In July 2016, Angie's List was made a freemium service; the basic membership tier, which includes access to more than 10 million reviews, was made free, alongside subscription tiers offering additional functionality. On May 2, 2017, IAC, owner of HomeAdvisor, announced that it had agreed to acquire Angie's List for $8.50 per-share, valuing the company at over $500 million. On October 1, 2017, the two companies were brought under the new parent company ANGI Homeservices Inc., retaining its ticker symbol and stock history.

In March 2021, ANGI Homeservices announced that the company and Angie's List would be rebranded as Angi. CEO Oisin Hanrahan explained that despite its brand recognition, the name "Angie's List" was confusing to users as it did not reflect the service's current business model (which is now focused on connecting users to and booking contractors), and that the change was also intended to help emphasize its current ownership of HomeAdvisor and Handy.

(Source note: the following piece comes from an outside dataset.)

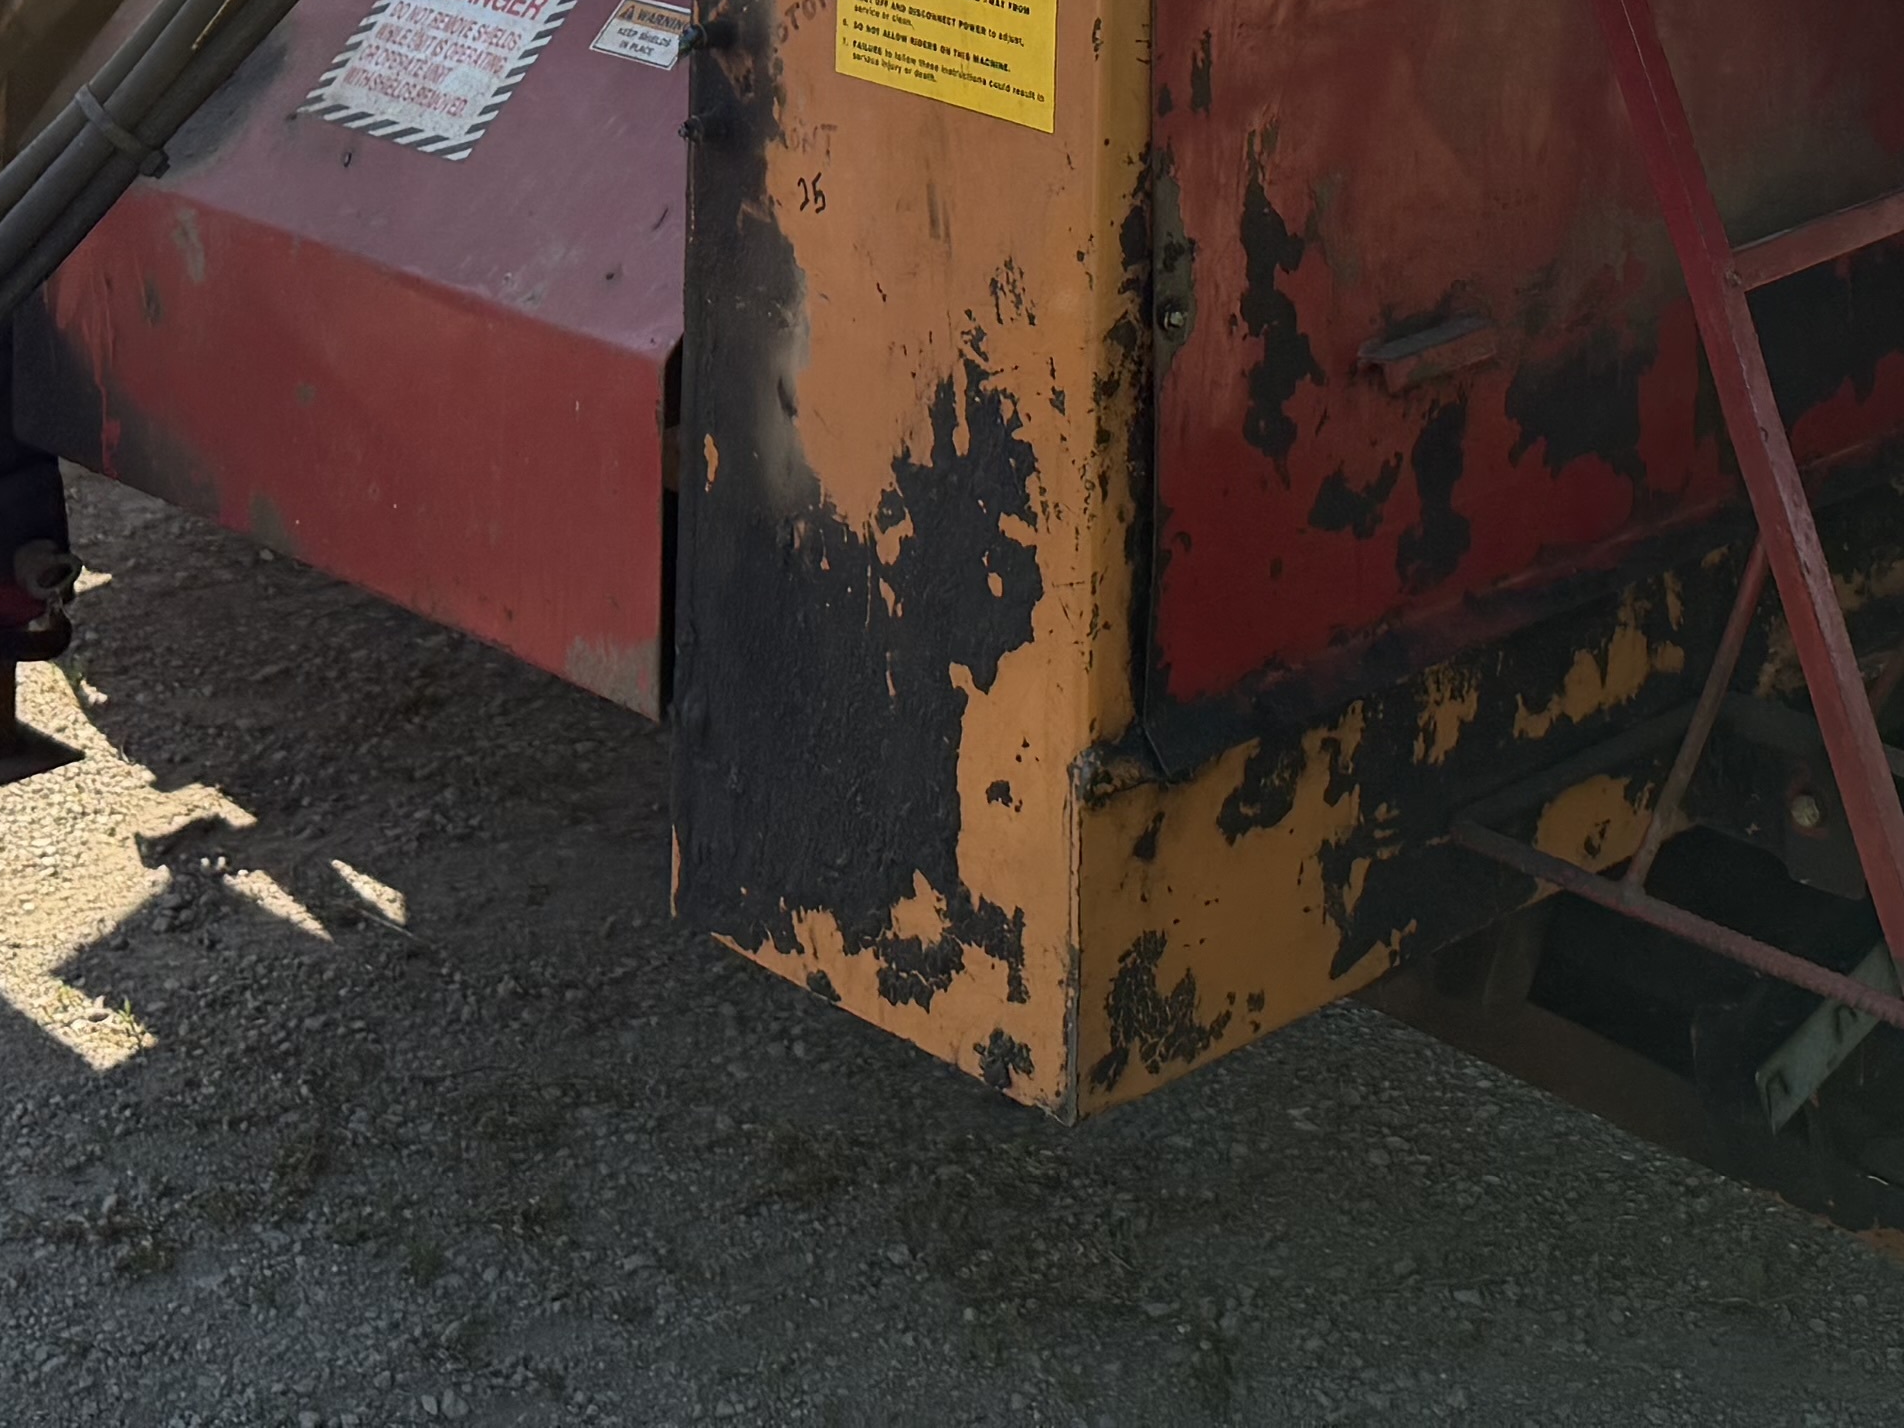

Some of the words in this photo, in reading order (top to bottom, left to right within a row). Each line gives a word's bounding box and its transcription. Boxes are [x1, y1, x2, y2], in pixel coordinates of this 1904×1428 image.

[390, 1, 410, 20] DO
[428, 11, 478, 39] REMOVE
[958, 18, 986, 34] POWER

In October 2022, Angi announced the appointment of Joey Levin, CEO of IAC and Chairman of Angi, to CEO of Angi.

In May 2023, Oesterle died.

==Criticism and controversies==
A 2017 investigation by Chicago-based NBC Station WMAQ-TV found that many local "Angie's List Certified" contractors are unlicensed to do work.

David Segal found that when subscribers post a negative review of a company to Angie's List, a staff member discusses it with the subscriber in an attempt to rectify the situation. After they "fix the problem", they will remove the complaint.

==Litigation==
In March 2007 SCS Contracting Group sued Angie's List and two members for libel because of negative reviews of the company. One of the sued members remarked, "if [contractors are] able to sue, then the value of Angie's List depreciates... People aren't going to be willing to submit reviews if they could be threatened with a lawsuit." On October 7, 2008, the plaintiffs dismissed the complaint against the two members. Summary judgment was later granted in favor of all defendants.

In 2014, Angie's List paid $2.8 million to settle a lawsuit alleging that it automatically renewed members at a higher rate than they were led to believe.

In August 2016, Angie's List agreed to settle three lawsuits for a payment of $1.4 million. The class-action lawsuits focused on Angie's List's acceptance of advertising payments from service providers, and whether those payments affect service providers’ letter-grade ratings, reviews, and place in search-result rankings. Angie's List denies plaintiffs’ claims, but disclosed that revenue from service providers can affect the order of search-result rankings of the service provider under certain settings.